Mr. Wu had used QCAD to generate the DXF files. I downloaded it, and used it to export the DXFs as (ancient) R9 versions. These versions of the files imported correctly into the Silhouette software, but the problem was that they were stretched to full 12 in width of the vinyl cutter. I then had to resize them to fit the plastic.
• There is no alignment hole in the main_shaft STL file for the step_drum_frame_bottom, but there is a hole for a pin to fix the main shaft in the step_drum_frame_bottom model. When I drilled the hole, I was off by a couple of degrees. So I shortened the length of the zero_positioning_lever arm about 3 mm to compensate. Everything seems to be working, but need to go back and fix this correctly.
• I was lazy and applied the vinyl lettering directly everywhere, rather than using them as stencils and painting them on.
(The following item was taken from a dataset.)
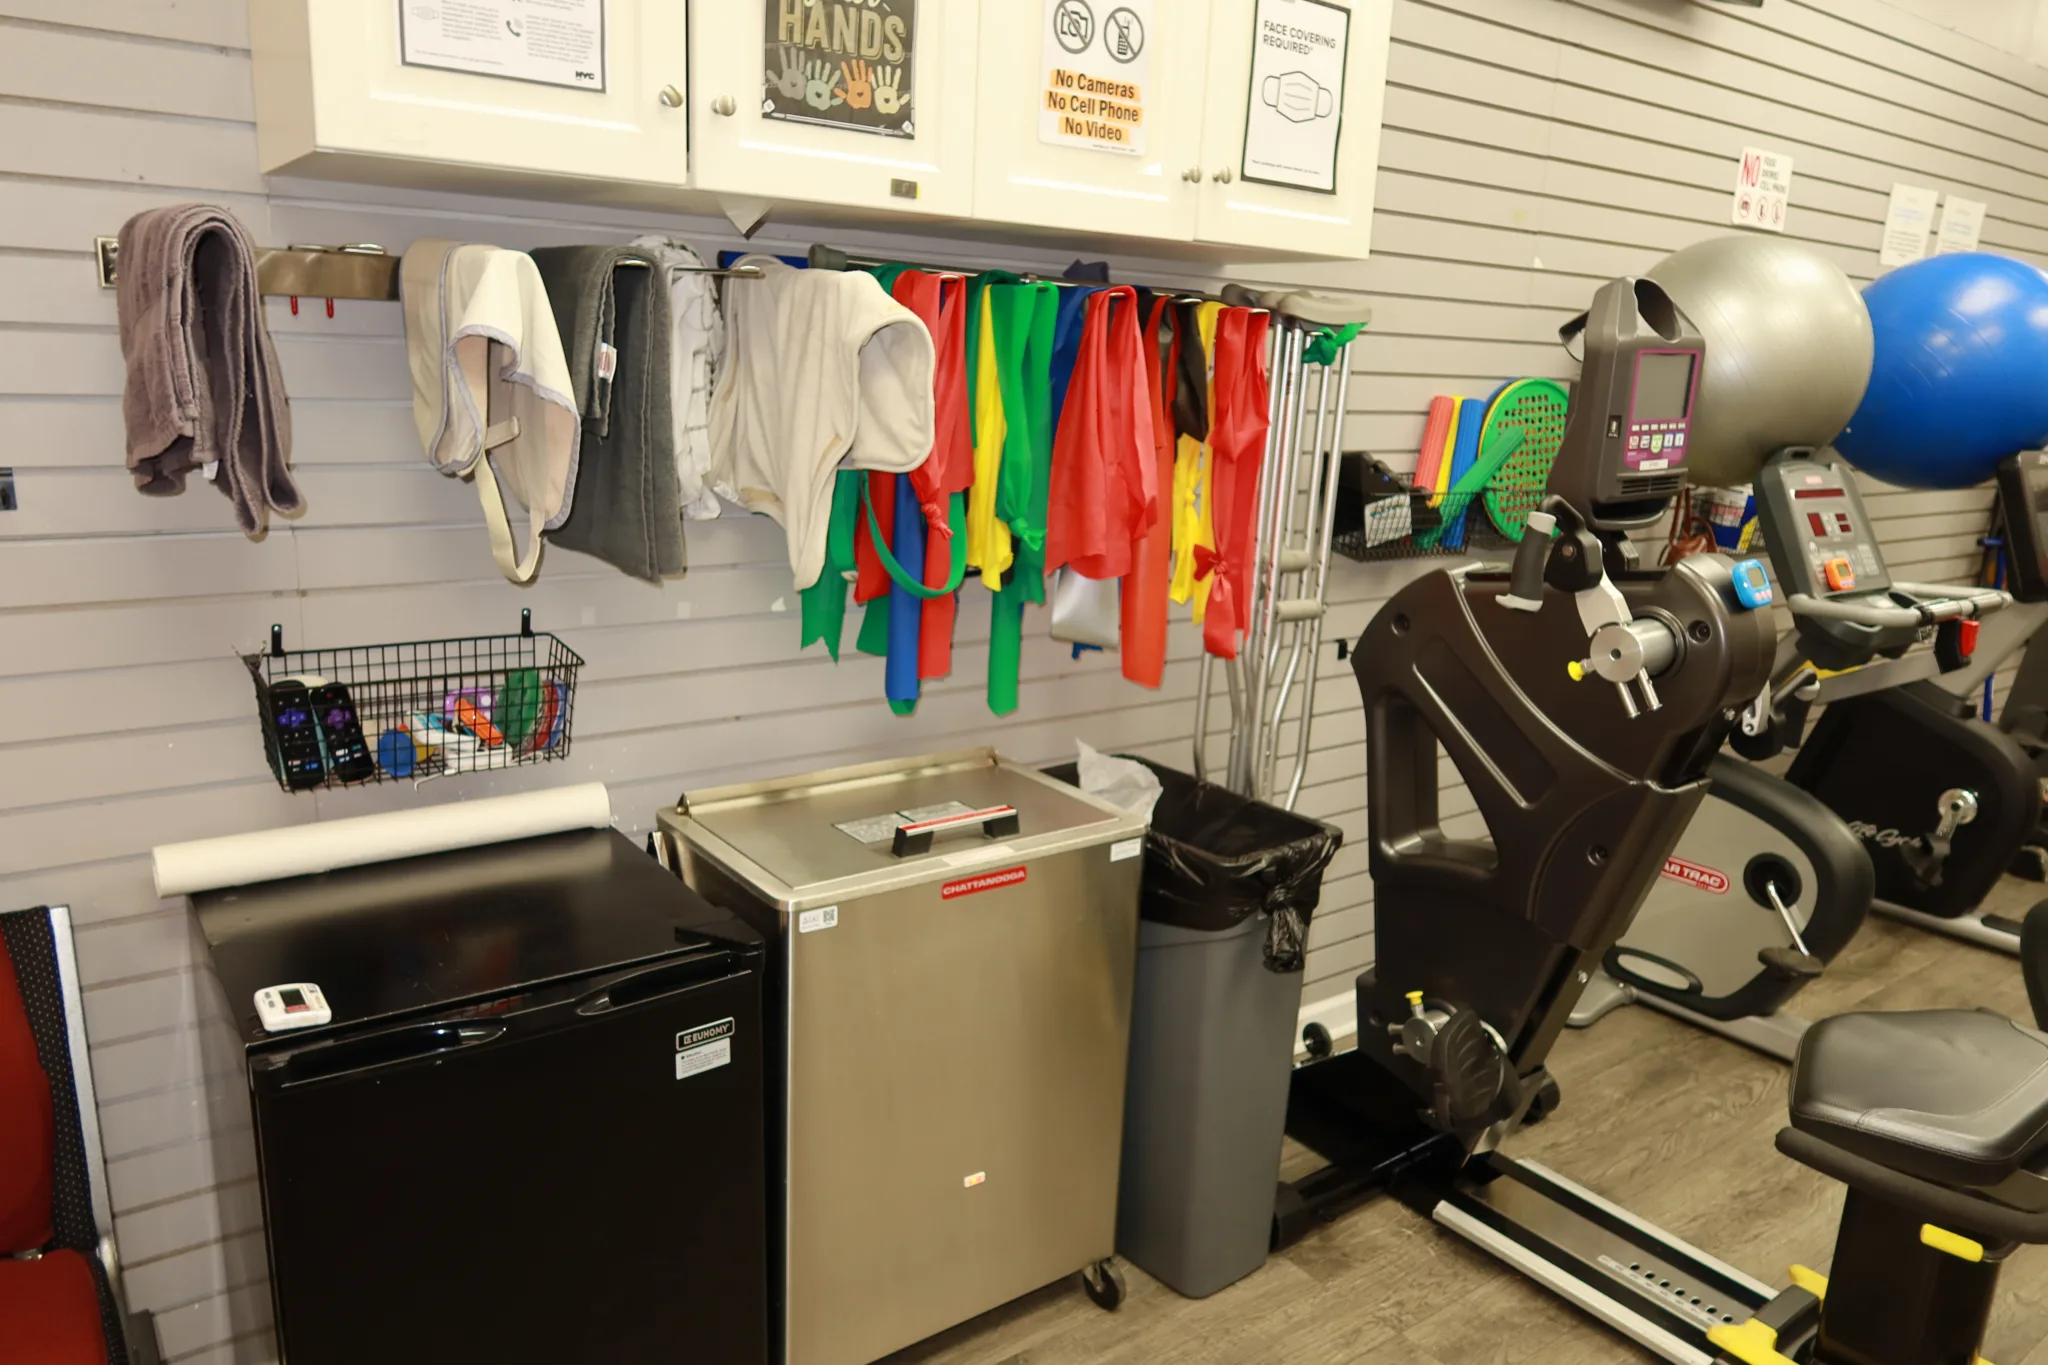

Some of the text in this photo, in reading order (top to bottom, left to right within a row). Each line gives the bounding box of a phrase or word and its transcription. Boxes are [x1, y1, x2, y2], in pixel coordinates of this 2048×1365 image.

Only two results dial digits have been rubbed off, but the only viable long term solution is to paint them on, as Mr. Wu has recommended.
Update 10/3/18
I generated the case artwork (Container Label) using the program that came with the Silhouette vinyl cutter. The Silhouette software is pretty limited in its export capability. So the 'Container Label.studio3' is the native format, and gsp is the only other format that it supports. I also captured screen shots in jpg and png, if that helps.
I took it to a local maker fair, and it took a beating after several hours of little kids cranking it. One of the selector shaft bearings broke, so I lost a digit, but then something else broke, and it stopped working all together. I have to tear it apart and find out what went wrong.